*Dataset entries:*
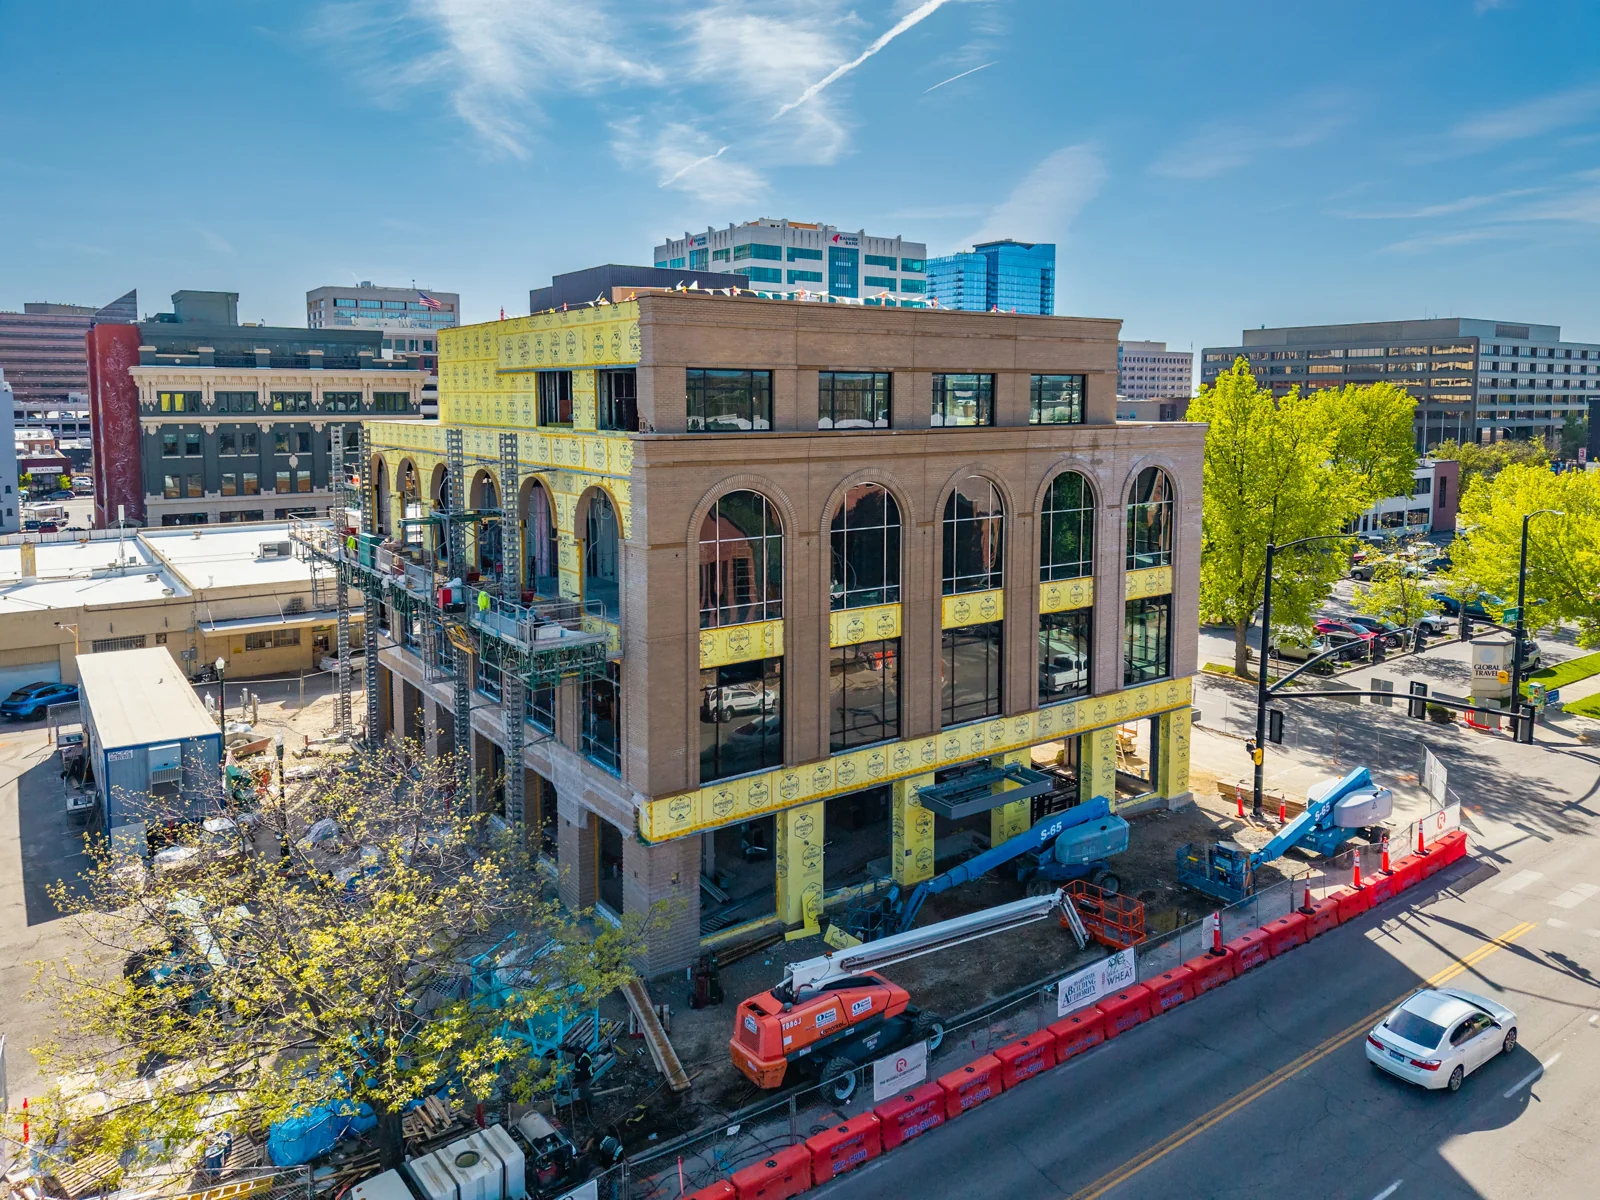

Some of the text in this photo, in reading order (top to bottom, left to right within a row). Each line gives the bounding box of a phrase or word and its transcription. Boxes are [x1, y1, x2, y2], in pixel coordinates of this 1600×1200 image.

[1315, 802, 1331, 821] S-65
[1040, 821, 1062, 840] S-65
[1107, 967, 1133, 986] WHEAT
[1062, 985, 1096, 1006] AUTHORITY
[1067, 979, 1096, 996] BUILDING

*Assigned task:*
Repeat each entry exactly as given; no pictures belong in the copy.

*Solution for this task:*
Some of the text in this photo, in reading order (top to bottom, left to right within a row). Each line gives the bounding box of a phrase or word and its transcription. Boxes are [x1, y1, x2, y2], in pixel coordinates of this 1600×1200 image.

[1315, 802, 1331, 821] S-65
[1040, 821, 1062, 840] S-65
[1107, 967, 1133, 986] WHEAT
[1062, 985, 1096, 1006] AUTHORITY
[1067, 979, 1096, 996] BUILDING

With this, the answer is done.